Still, Miguel wanted to remain in Spain, to ensure his children knew of the land he was born in. Talk of a transition to a more democratic government encouraged Miguel and his family to stay, hopeful of the Spain the previous Spanish generation fought so hard to preserve. He had been taken back to Spain and what was left of his devastated family. He reunited with his cousin, who was a leading voice in the movement for a return of democracy. His father however, left after a few years. His second wife was a native of Vietnam and the long war there made her want to see relatives that she had not seen in a while. That prompted Jose and the rest of his family to go as well. However, despite all his bitter feelings from Francoist Spain and his previous certainty that the Civil War was all in vain for the Republicans, he left his home country with some hope for it. He would openly defend his Spain from afar and paid attention to any and all news in it.
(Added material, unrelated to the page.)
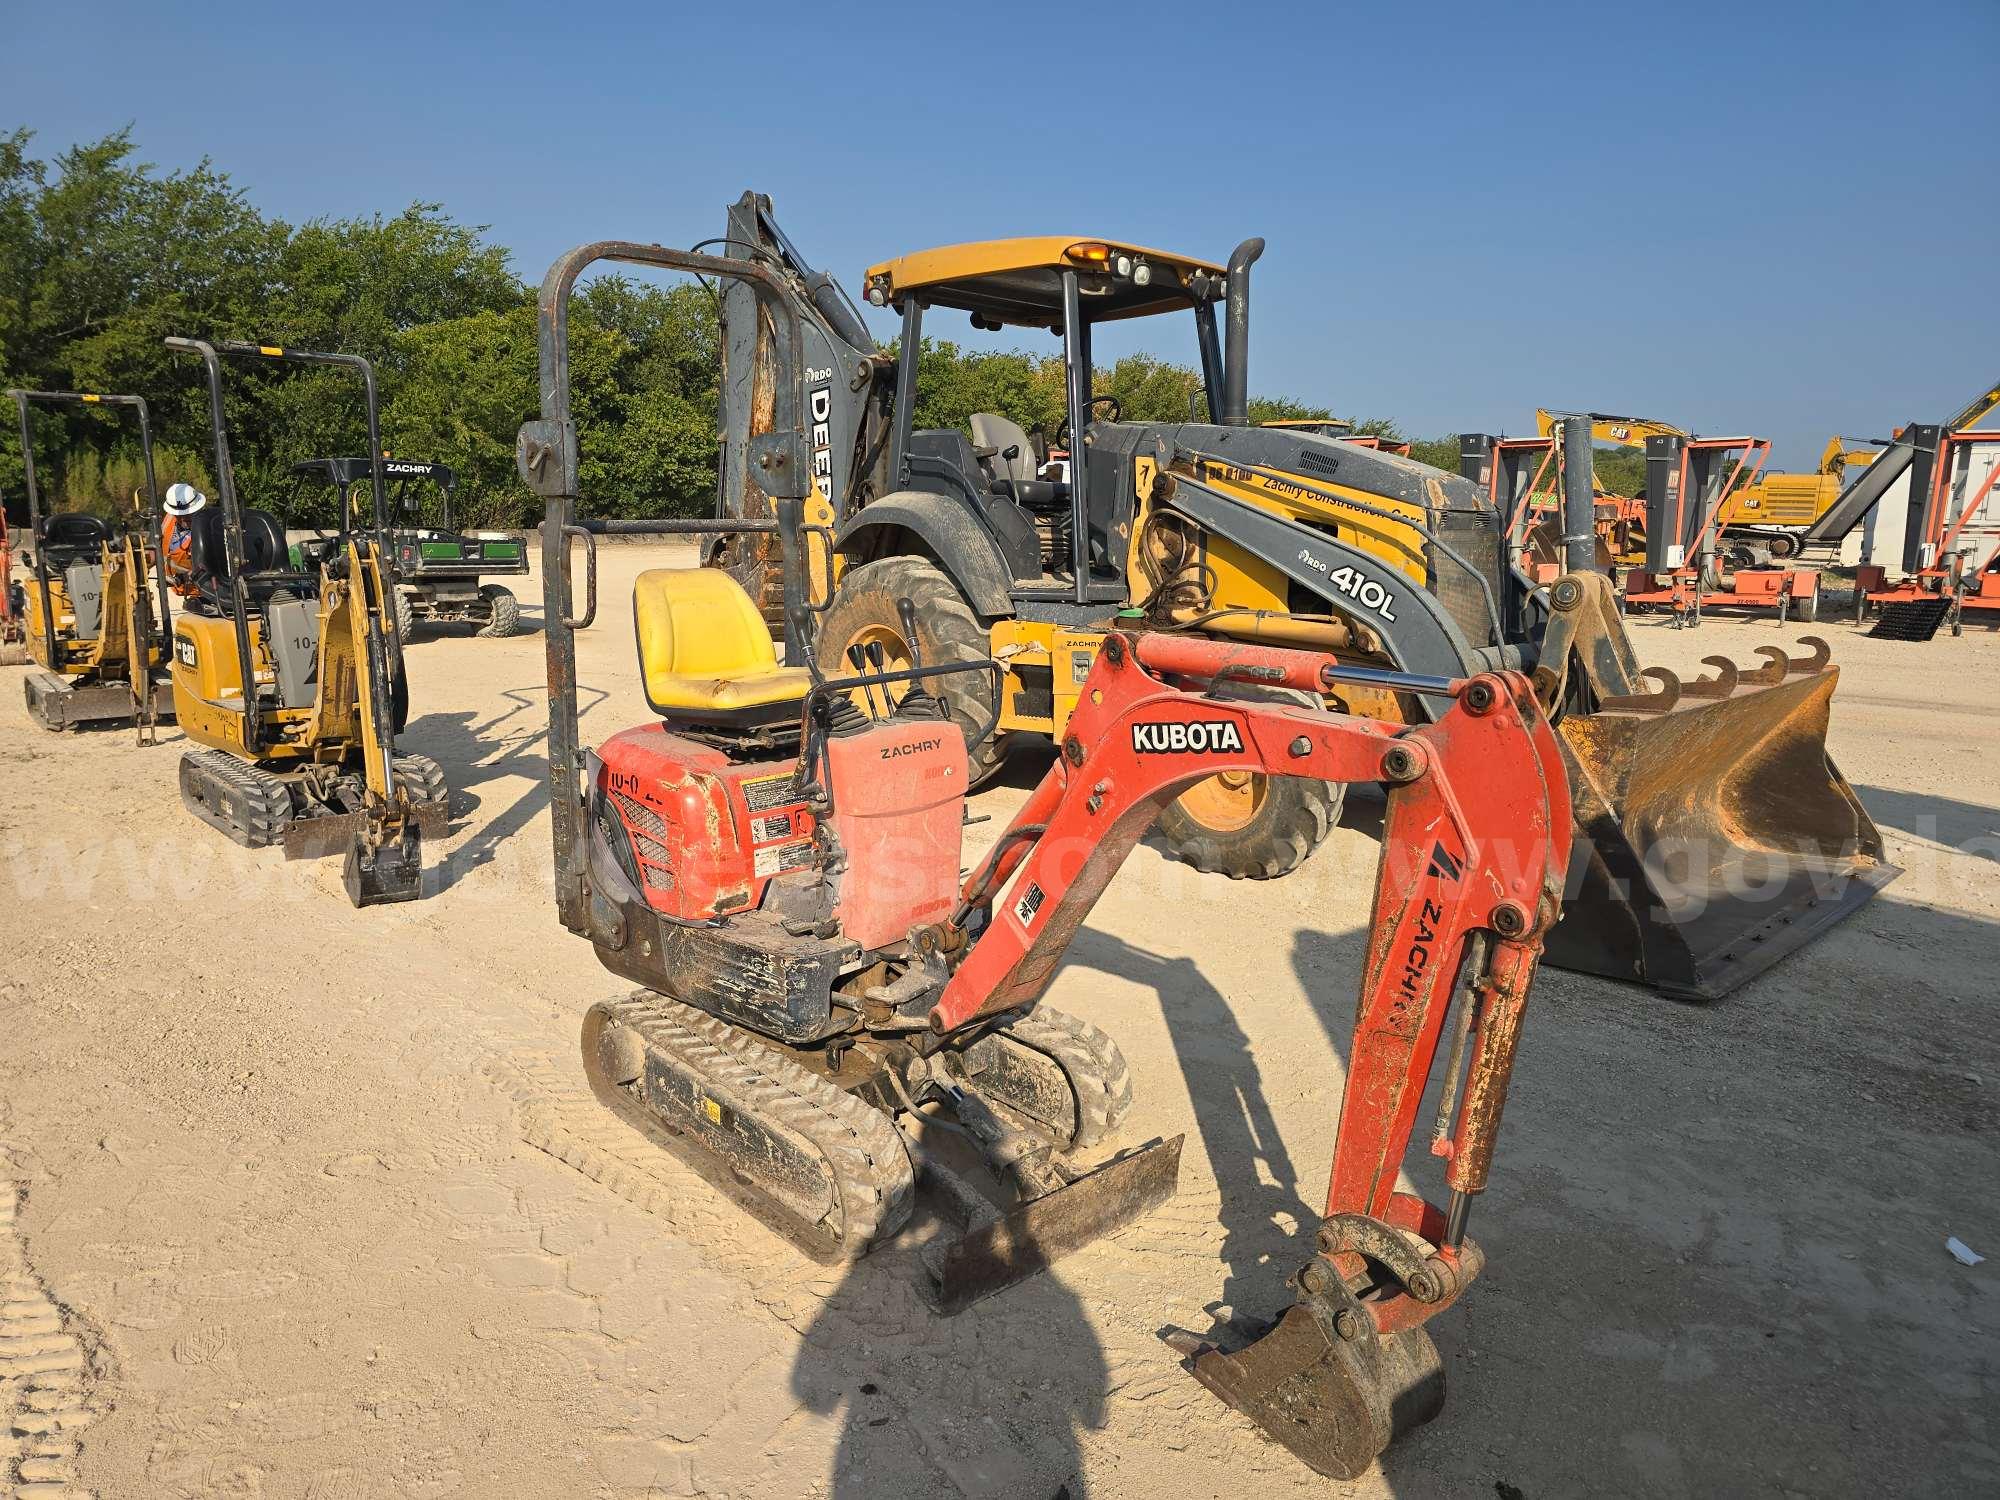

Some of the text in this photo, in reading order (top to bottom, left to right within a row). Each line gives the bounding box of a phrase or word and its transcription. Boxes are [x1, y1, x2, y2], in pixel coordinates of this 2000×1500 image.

Miguel and Jose, who had developed their father-son relationship to the point of being fond of one another, still communicated with each other until Jose’s passing of old age at 97. Miguel still felt a reduced sense of emptiness with his father, as they had lost so much time together. They only really knew of each other as fellow adults, which was an uncomfortable time to develop a father-son relationship. However, while not as close as other fathers and sons, they still called the most important and eventful part of their lives as that day they meet first each other. Miguel no longer had to plead to himself in his head for his return to Spain and his family. He was back with them both in some way and intended to never let go of it.